Material provided
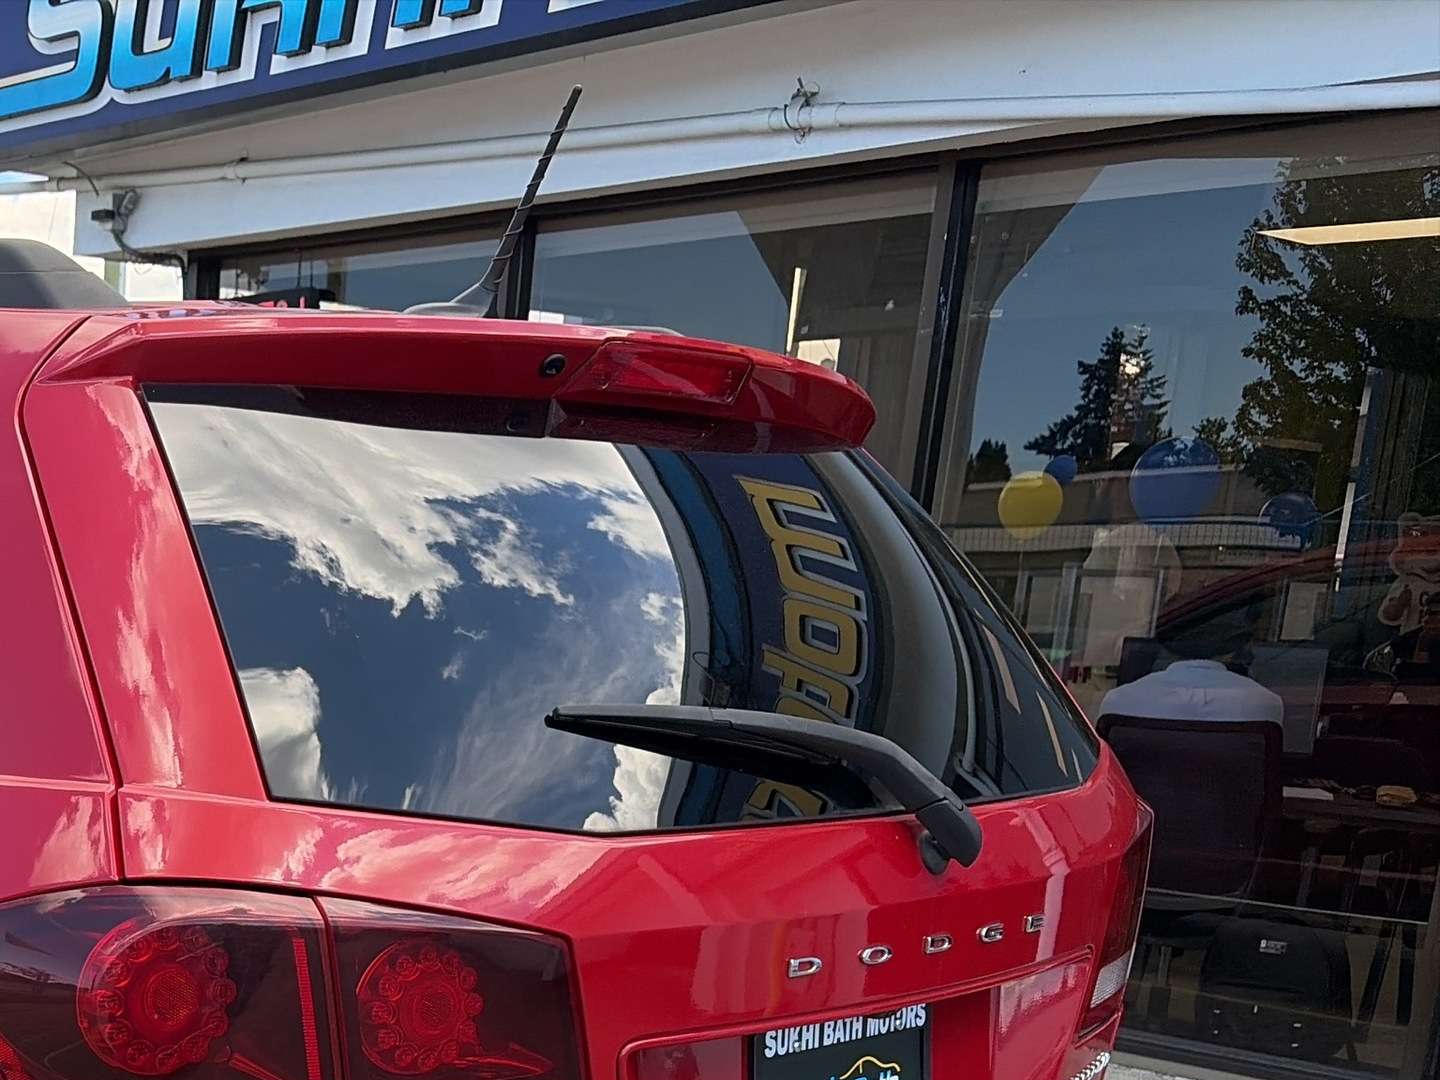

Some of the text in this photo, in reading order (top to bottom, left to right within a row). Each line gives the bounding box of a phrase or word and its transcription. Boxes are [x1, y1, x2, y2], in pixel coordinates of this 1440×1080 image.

[788, 912, 1045, 979] DODGE
[764, 1023, 820, 1058] SUKHI
[823, 1016, 863, 1046] BATH
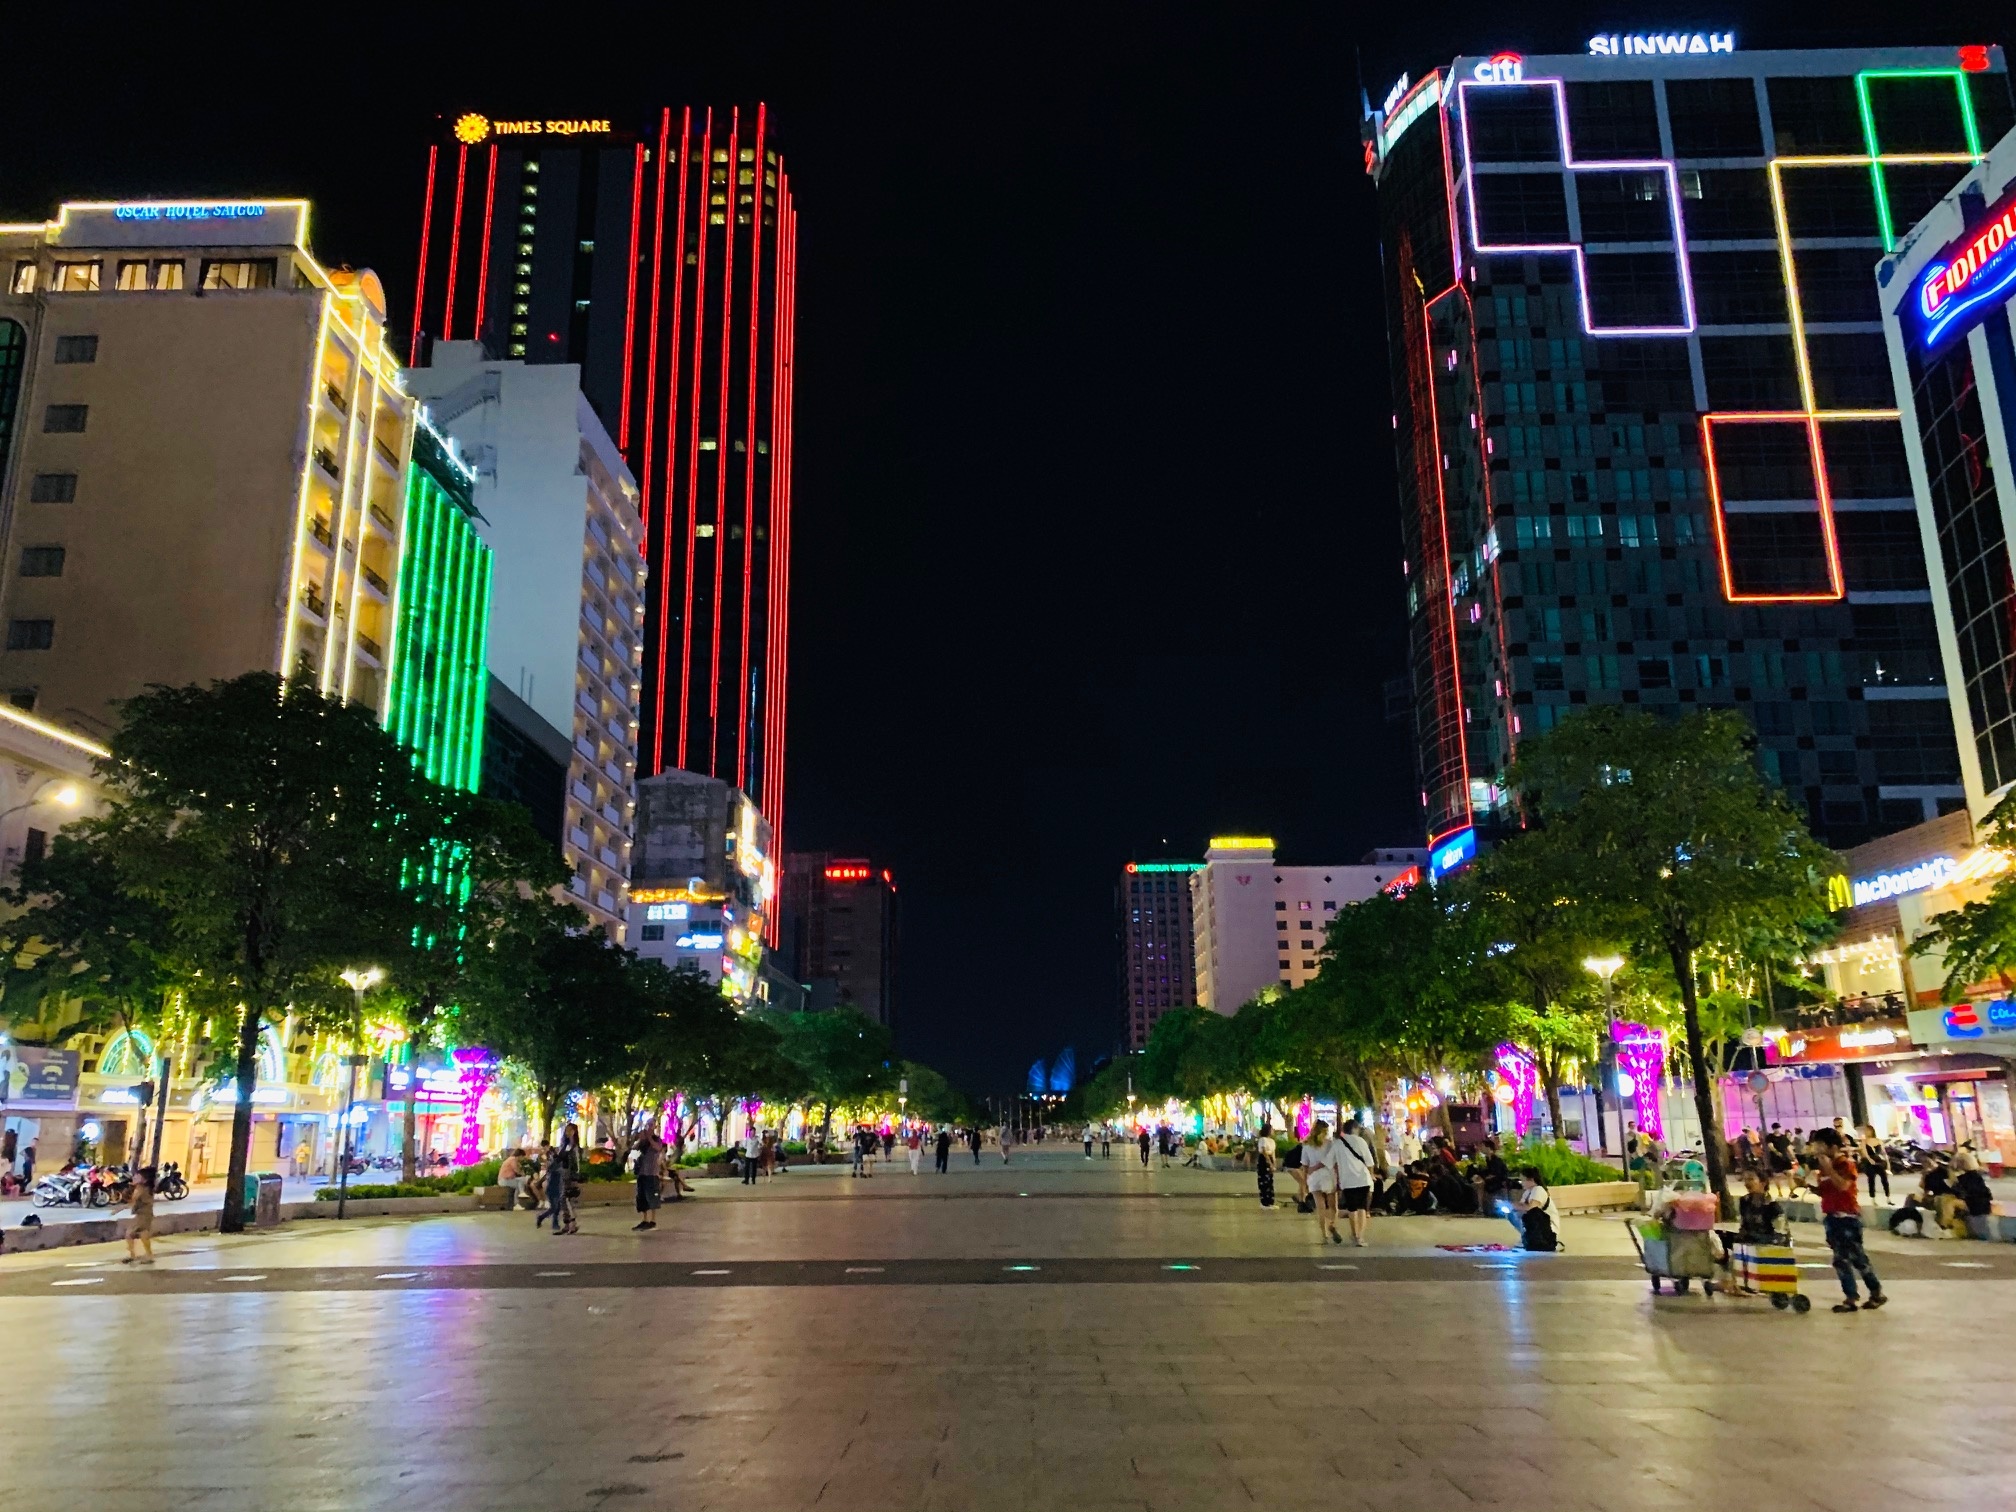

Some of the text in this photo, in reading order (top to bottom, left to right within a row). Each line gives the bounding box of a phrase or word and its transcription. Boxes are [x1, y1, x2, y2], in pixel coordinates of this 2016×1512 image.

[1588, 33, 1734, 56] SUNWAH
[494, 120, 611, 136] TIMES SQUARE
[116, 205, 265, 218] OSCAR HOTEL SAIGON
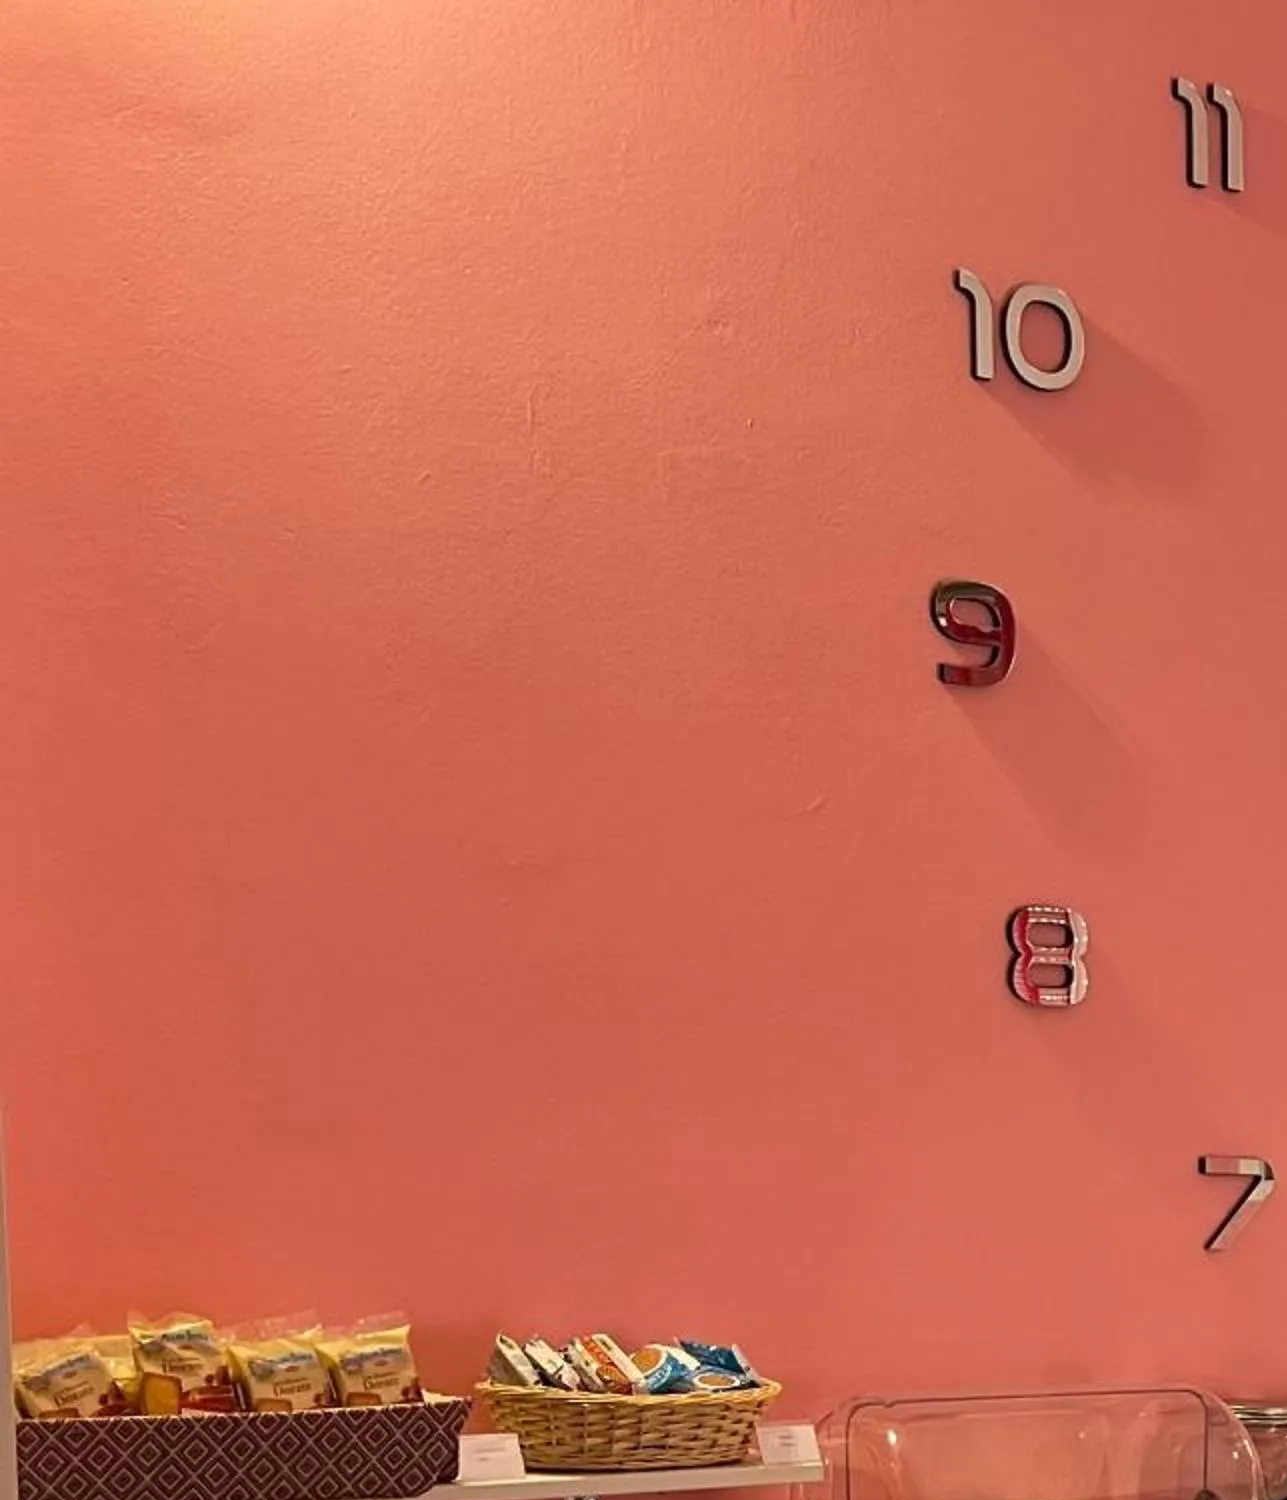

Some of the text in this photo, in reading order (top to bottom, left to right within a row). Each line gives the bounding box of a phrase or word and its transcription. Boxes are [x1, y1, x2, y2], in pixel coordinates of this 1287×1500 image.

Aim of the exercise
Nothing but the records themselves, exact and complete, should be returned; leave the pictures out.

Your solution
Some of the text in this photo, in reading order (top to bottom, left to right within a row). Each line gives the bounding box of a phrase or word and its transcription. Boxes are [x1, y1, x2, y2], in pixel coordinates of this 1440×1080 image.

[788, 912, 1045, 979] DODGE
[764, 1023, 820, 1058] SUKHI
[823, 1016, 863, 1046] BATH

Some of the text in this photo, in reading order (top to bottom, left to right within a row). Each line gives the bounding box of a phrase or word and its transcription. Boxes are [x1, y1, x2, y2], in pixel coordinates of this 2016×1512 image.

[1588, 33, 1734, 56] SUNWAH
[494, 120, 611, 136] TIMES SQUARE
[116, 205, 265, 218] OSCAR HOTEL SAIGON

Some of the text in this photo, in reading order (top to bottom, left to right within a row). Each line gives the bounding box of a phrase or word and its transcription. Boxes are [x1, y1, x2, y2], in pixel coordinates of this 1287×1500 image.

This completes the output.